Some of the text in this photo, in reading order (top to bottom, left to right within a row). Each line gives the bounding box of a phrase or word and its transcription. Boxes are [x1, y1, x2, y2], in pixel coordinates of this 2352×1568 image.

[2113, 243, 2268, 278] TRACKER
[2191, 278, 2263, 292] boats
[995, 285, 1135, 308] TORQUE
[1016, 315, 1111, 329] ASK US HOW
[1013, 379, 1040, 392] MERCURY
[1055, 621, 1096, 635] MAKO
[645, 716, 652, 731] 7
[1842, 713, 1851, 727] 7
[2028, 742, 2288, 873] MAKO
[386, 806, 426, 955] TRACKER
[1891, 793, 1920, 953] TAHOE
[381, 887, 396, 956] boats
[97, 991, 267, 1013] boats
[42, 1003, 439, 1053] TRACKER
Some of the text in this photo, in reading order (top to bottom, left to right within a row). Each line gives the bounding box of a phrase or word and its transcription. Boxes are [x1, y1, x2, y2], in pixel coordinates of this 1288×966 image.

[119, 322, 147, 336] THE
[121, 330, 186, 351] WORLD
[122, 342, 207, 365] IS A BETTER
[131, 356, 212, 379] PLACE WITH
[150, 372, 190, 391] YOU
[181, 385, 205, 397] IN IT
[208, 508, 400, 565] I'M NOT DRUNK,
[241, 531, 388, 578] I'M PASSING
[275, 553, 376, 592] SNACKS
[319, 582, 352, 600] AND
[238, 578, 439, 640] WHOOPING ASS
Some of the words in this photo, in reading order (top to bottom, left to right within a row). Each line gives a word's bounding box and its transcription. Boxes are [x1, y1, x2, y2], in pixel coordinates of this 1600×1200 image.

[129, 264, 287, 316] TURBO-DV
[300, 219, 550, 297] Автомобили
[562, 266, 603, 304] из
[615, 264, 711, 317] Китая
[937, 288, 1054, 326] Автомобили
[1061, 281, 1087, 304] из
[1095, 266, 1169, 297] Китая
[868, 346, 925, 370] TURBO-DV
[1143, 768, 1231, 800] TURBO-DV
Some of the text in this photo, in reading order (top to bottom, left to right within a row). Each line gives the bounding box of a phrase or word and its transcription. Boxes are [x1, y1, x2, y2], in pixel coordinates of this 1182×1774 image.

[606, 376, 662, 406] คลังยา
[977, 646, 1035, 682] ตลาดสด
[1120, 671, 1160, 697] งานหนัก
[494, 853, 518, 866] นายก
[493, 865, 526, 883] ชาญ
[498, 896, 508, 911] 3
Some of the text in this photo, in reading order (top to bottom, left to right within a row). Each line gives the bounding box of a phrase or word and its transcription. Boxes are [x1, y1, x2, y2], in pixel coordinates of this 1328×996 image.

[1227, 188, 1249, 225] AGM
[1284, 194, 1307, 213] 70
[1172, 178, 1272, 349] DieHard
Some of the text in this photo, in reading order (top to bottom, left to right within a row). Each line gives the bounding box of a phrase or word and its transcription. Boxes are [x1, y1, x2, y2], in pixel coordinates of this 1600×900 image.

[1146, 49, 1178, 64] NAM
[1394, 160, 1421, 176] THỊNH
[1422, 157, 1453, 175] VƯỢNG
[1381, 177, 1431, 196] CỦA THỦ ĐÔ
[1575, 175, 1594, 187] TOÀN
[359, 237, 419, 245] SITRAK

..............................

• Exercise brief
Taking the line that contains "this 1600×900 image." as the first and the last line of the material as the final one, transcribe that span exactly and include nothing else.

• Answer below
Some of the text in this photo, in reading order (top to bottom, left to right within a row). Each line gives the bounding box of a phrase or word and its transcription. Boxes are [x1, y1, x2, y2], in pixel coordinates of this 1600×900 image.

[1146, 49, 1178, 64] NAM
[1394, 160, 1421, 176] THỊNH
[1422, 157, 1453, 175] VƯỢNG
[1381, 177, 1431, 196] CỦA THỦ ĐÔ
[1575, 175, 1594, 187] TOÀN
[359, 237, 419, 245] SITRAK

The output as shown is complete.